This is pretty amazing This is no wimp engine.
It's a two cylinder with four pistons delivering 300+ Horse Power It's extremely small and very efficient and is presently in use in test applications

The configuration below is equivalent to a extremely ballsy four cylinder engine When doubled, it's an extremely ballsy 600+ H.P. engine

It's called OPOC (Opposed Piston Opposed Cylinder), and it's a turbocharged two-stroke, two-cylinder, with four pistons, two in each cylinder, that will run on gasoline, diesel or ethanol. The two pistons, inside a single cylinder, pump toward and away from each other, thus allowing a cycle to be completed twice as quickly as a conventional engine while balancing it's own loads.

The heavy lifting for this unconventional concept was performed Prof. Peter Hofbauer.
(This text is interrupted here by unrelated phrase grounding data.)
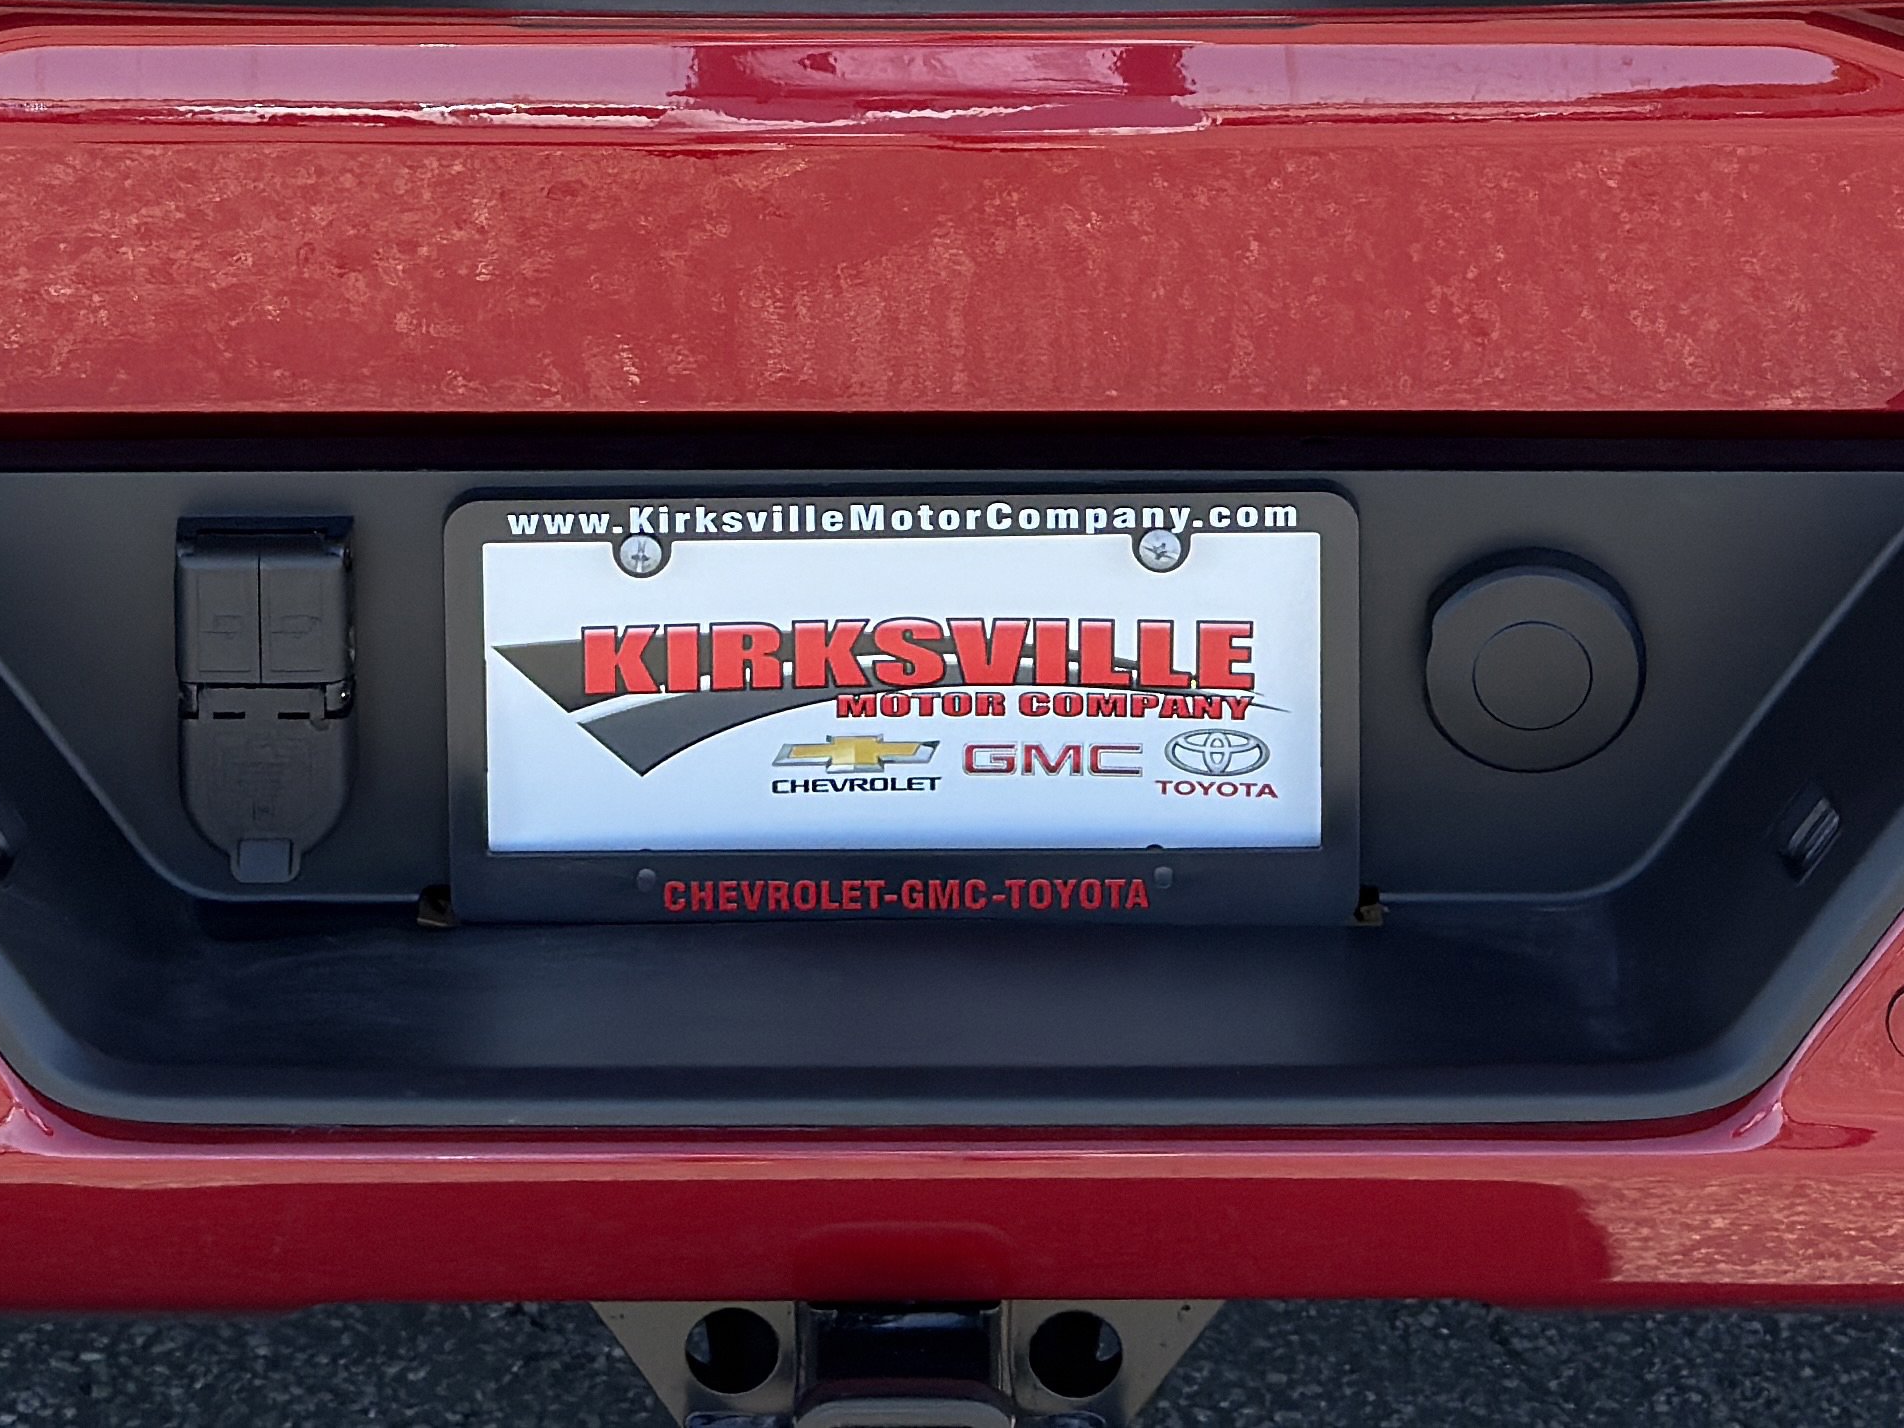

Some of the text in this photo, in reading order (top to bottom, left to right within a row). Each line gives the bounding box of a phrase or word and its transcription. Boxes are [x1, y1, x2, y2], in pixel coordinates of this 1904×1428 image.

[507, 502, 1297, 535] www.KirksvilleMotorCompany.com
[581, 617, 1254, 696] KIRKSVILLE
[836, 692, 1253, 721] MOTOR COMPANY
[961, 742, 1143, 777] GMC
[771, 776, 942, 794] CHEVROLET
[1154, 780, 1278, 799] TOYOTA
[663, 879, 1150, 912] CHEVROLET-GMC-TOYOTA
During his 20 years at VW, Hofbauer headed up, among other things, development of VW's first diesel engine and the VR6.

The OPOC has been in development for several years, and the company claims it's 30 percent lighter, one quarter the size and achieves 50 percent better fuel economy than a conventional turbo diesel engine.
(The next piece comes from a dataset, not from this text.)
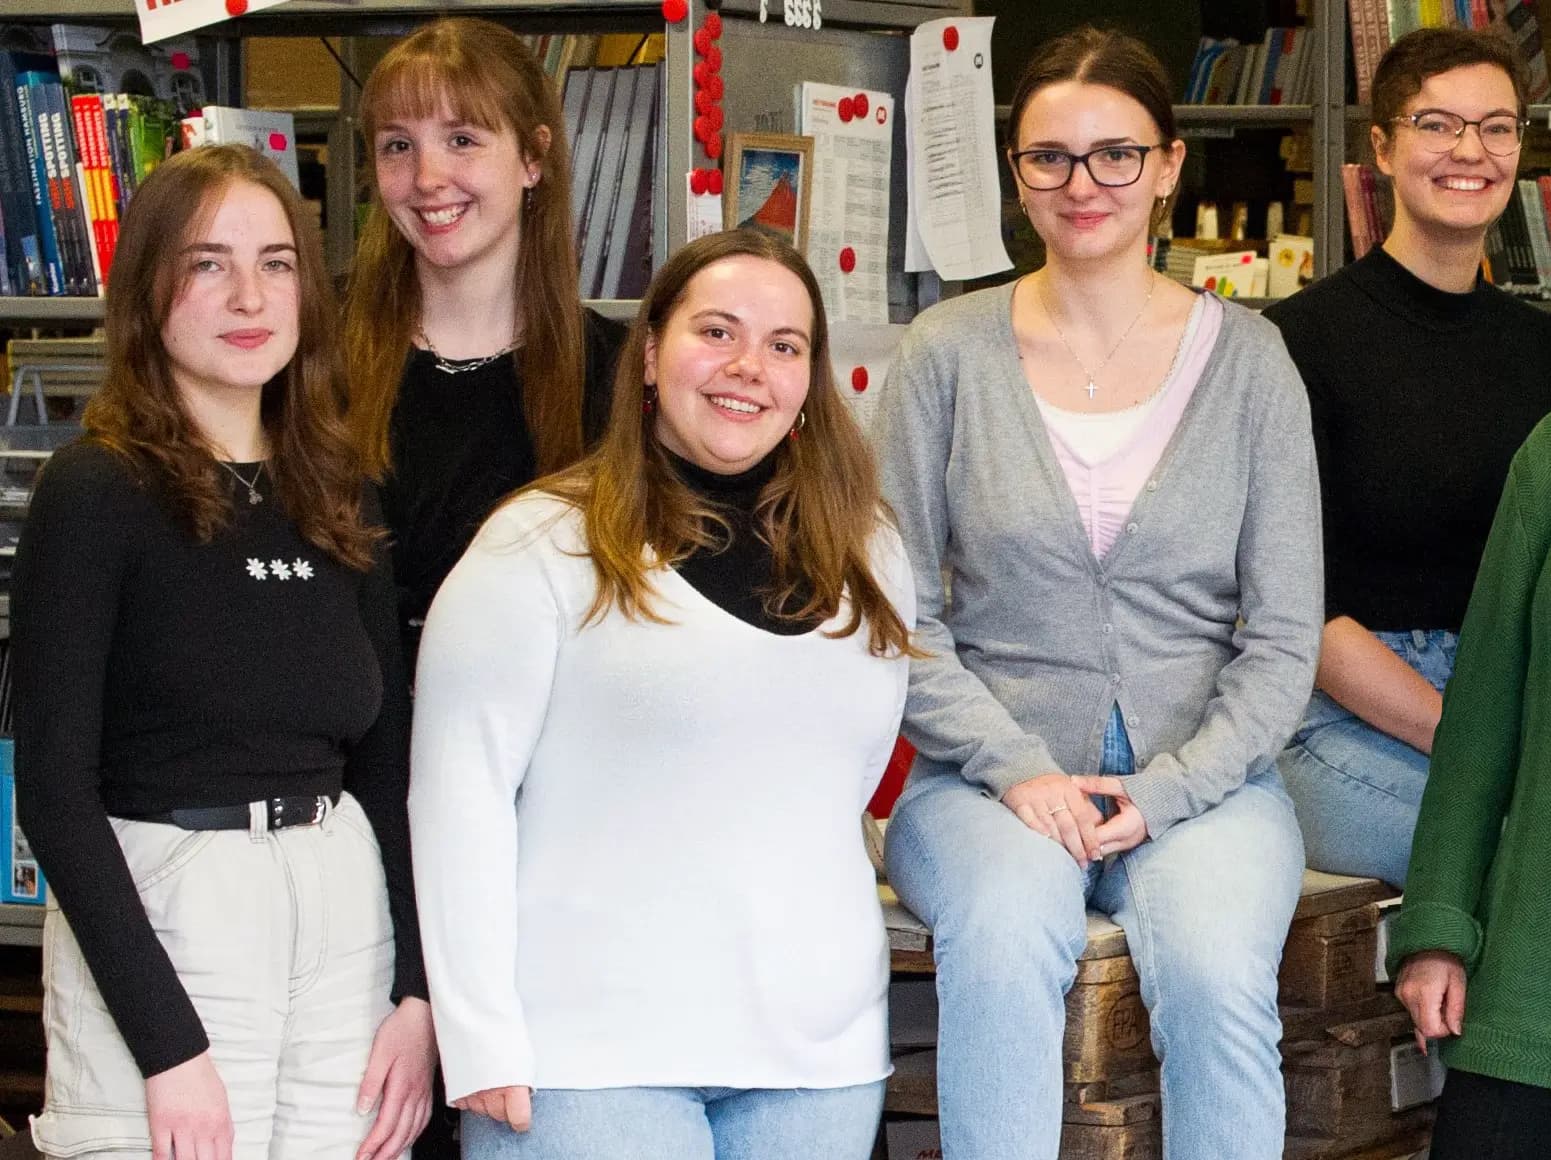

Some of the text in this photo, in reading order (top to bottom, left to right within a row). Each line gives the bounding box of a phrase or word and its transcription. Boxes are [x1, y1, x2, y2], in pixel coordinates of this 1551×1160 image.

[17, 86, 30, 136] HAMBURG
[26, 139, 42, 206] FASZINATION
[38, 112, 57, 178] SPOTTING
[51, 112, 70, 178] SPOTTING
They're predicting 100 MPG in a conventional car.
For a good demo, See:
http://www.engineeringtv.com/video/Opposed-Piston-Opposed-Cylinder 


annosL - March 19th, 2011 at 02:13 PM

Interesting, that was 2008, wonder how it's going now(bit long for a Dub)


vwo60 - March 19th, 2011 at 04:43 PM

Its an old concept with many engines already built using this disign, the commer knocker diesel engine from the 50's, the Napier deltic engine that was first used in marine applications and then adapted for use in diesel electric locomotives and the Doxford marine deisel used in large ships, also used as aircraft engine's by the germans.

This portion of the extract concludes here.